単なる「拒絶」ではなく、双方のメリットになるような代替案を提示することが、プロのビジネススキルと言えるでしょう。
消費税申告における振込手数料の記載ルール
帳簿のみ保存で認められる要件の確認
1万円未満の売上値引き(振込手数料相当額)として処理する場合、帳簿には一定の事項を記載しなければなりません。
具体的には、「相手方の氏名または名称」「取引年月日」「取引内容(振込手数料相当額の値引きなど)」「支払対価の額」の4点です。

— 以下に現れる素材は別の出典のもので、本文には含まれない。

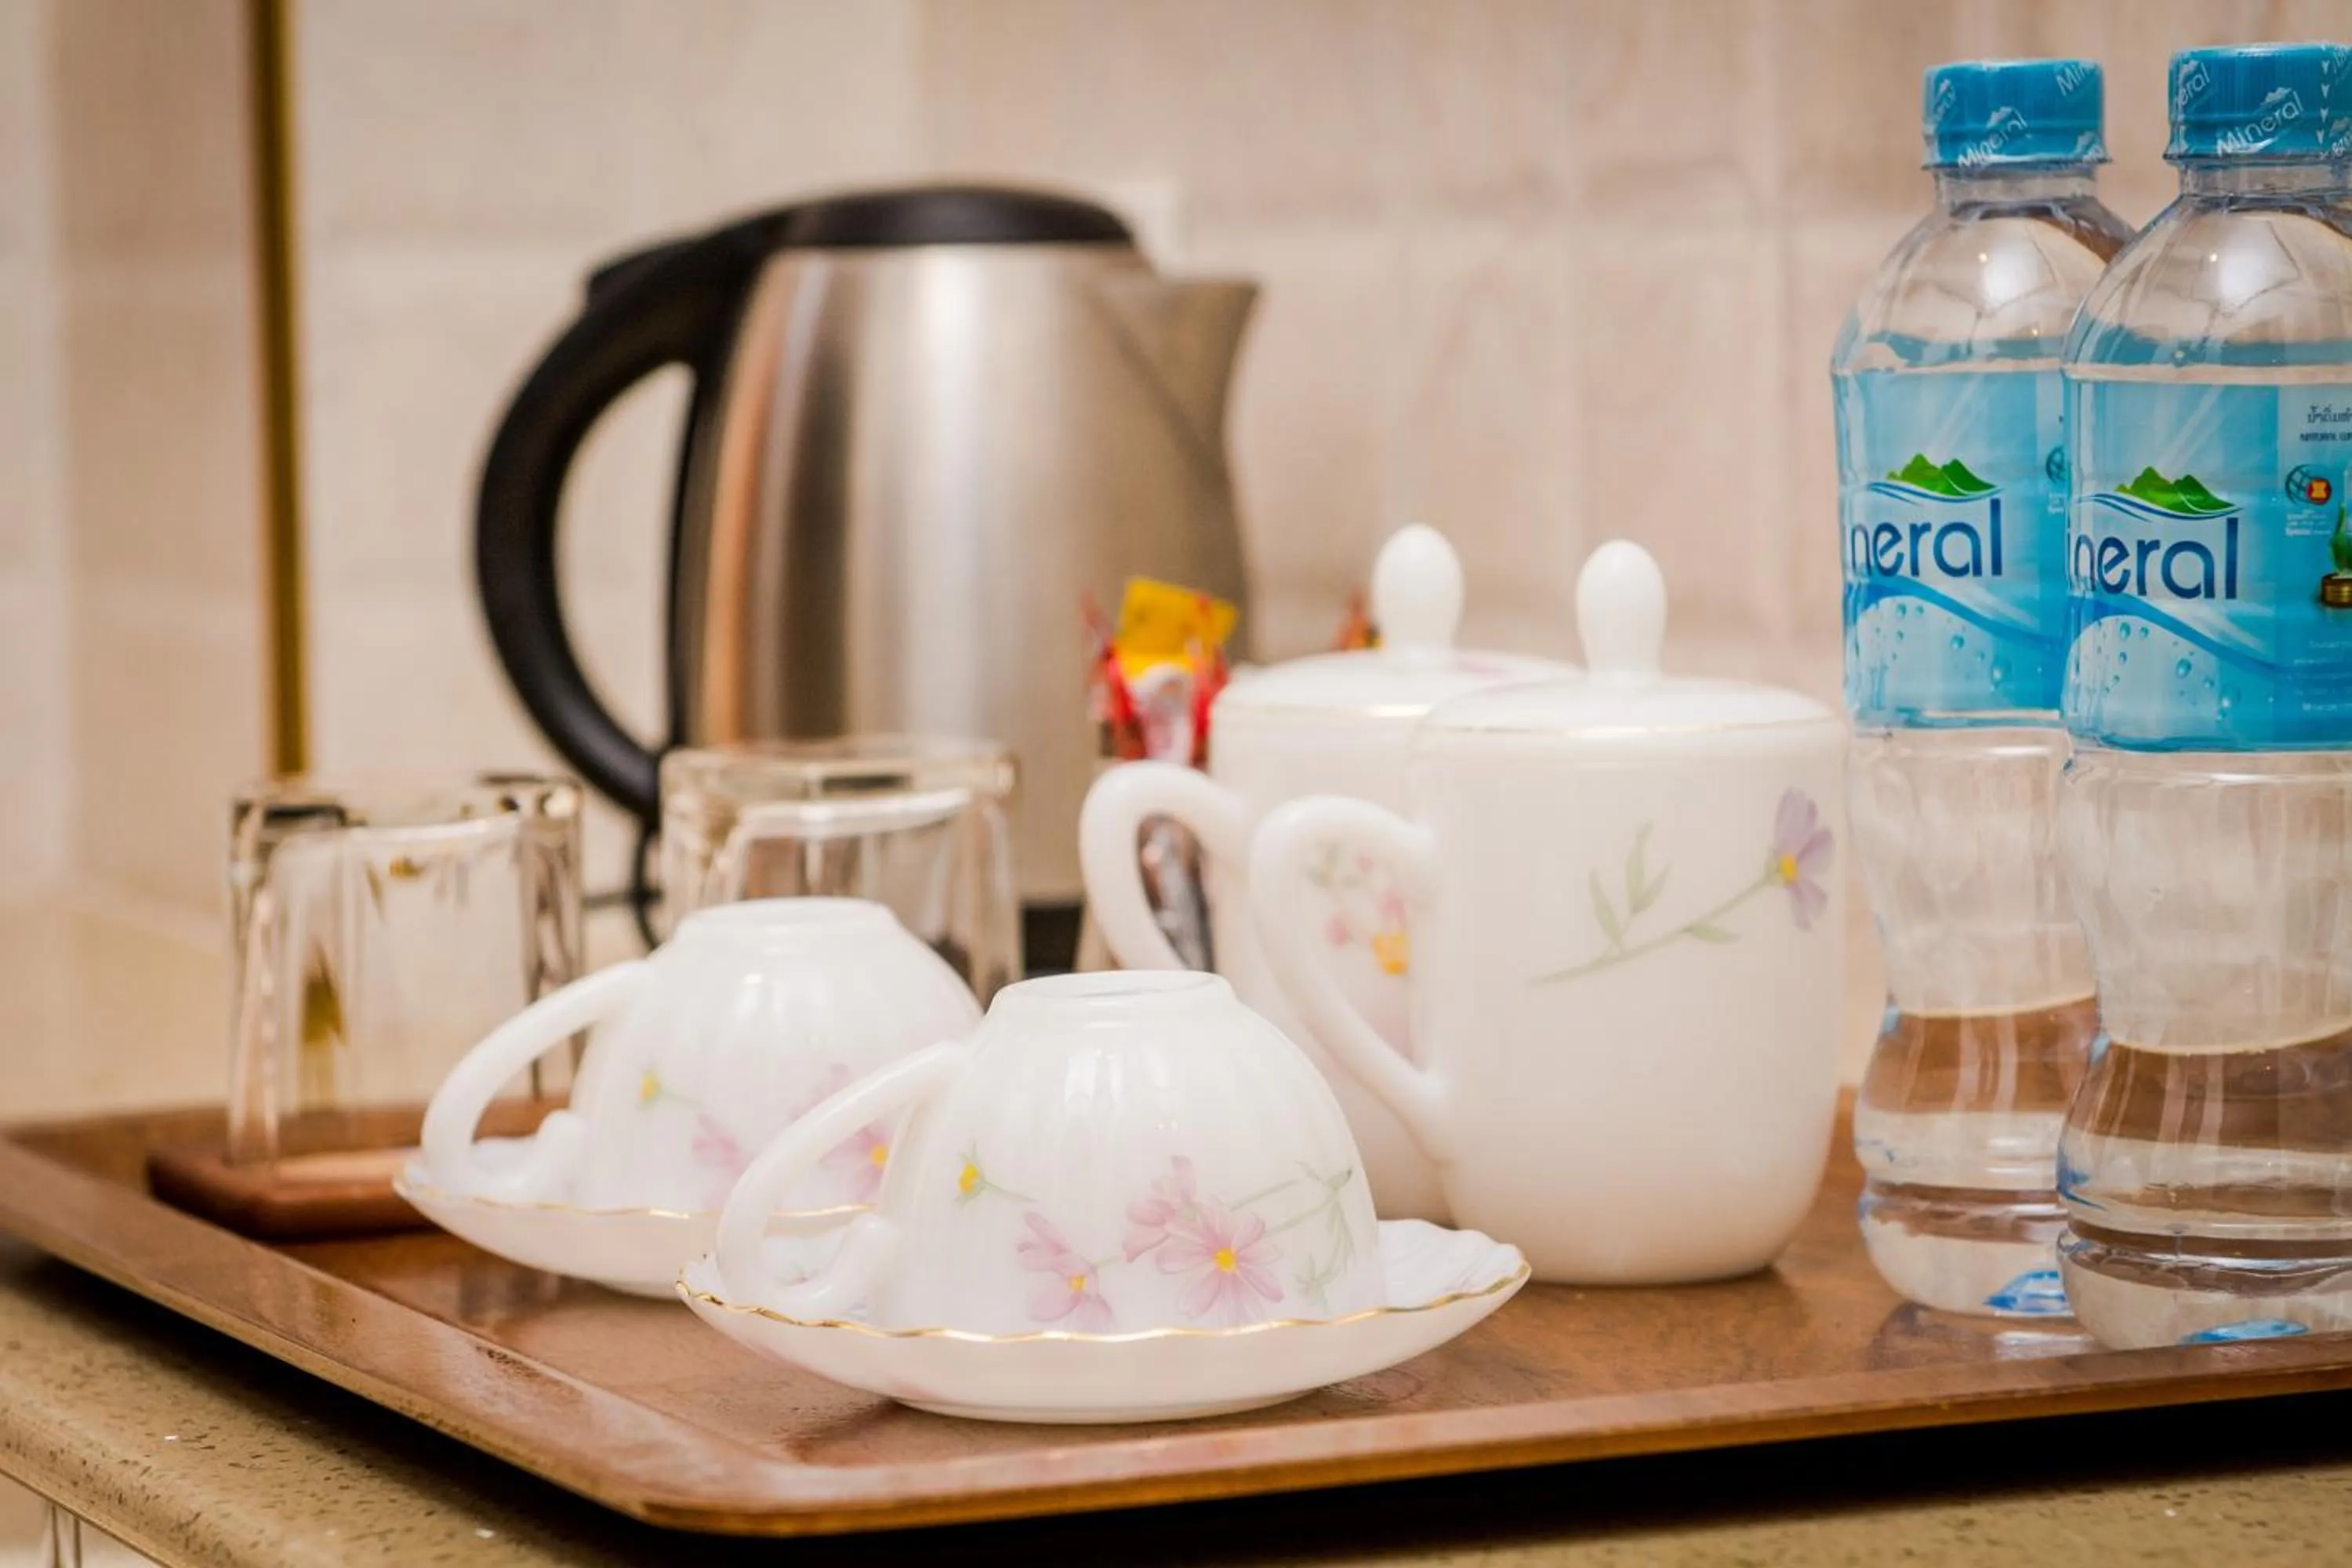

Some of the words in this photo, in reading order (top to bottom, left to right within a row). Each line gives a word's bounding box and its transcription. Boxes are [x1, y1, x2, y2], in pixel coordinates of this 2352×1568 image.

これらが正しく記載されていれば、税務調査の際も「妥当な処理」として認められますので安心してください。
簡易課税制度を選択している場合の影響
売り手側が消費税の「簡易課税制度」を選択している場合、振込手数料の処理が納税額に直接影響することはありません。
簡易課税は売上高に対して一定の率を掛けて計算するため、個別の経費(支払手数料)のインボイス保存は不要だからです。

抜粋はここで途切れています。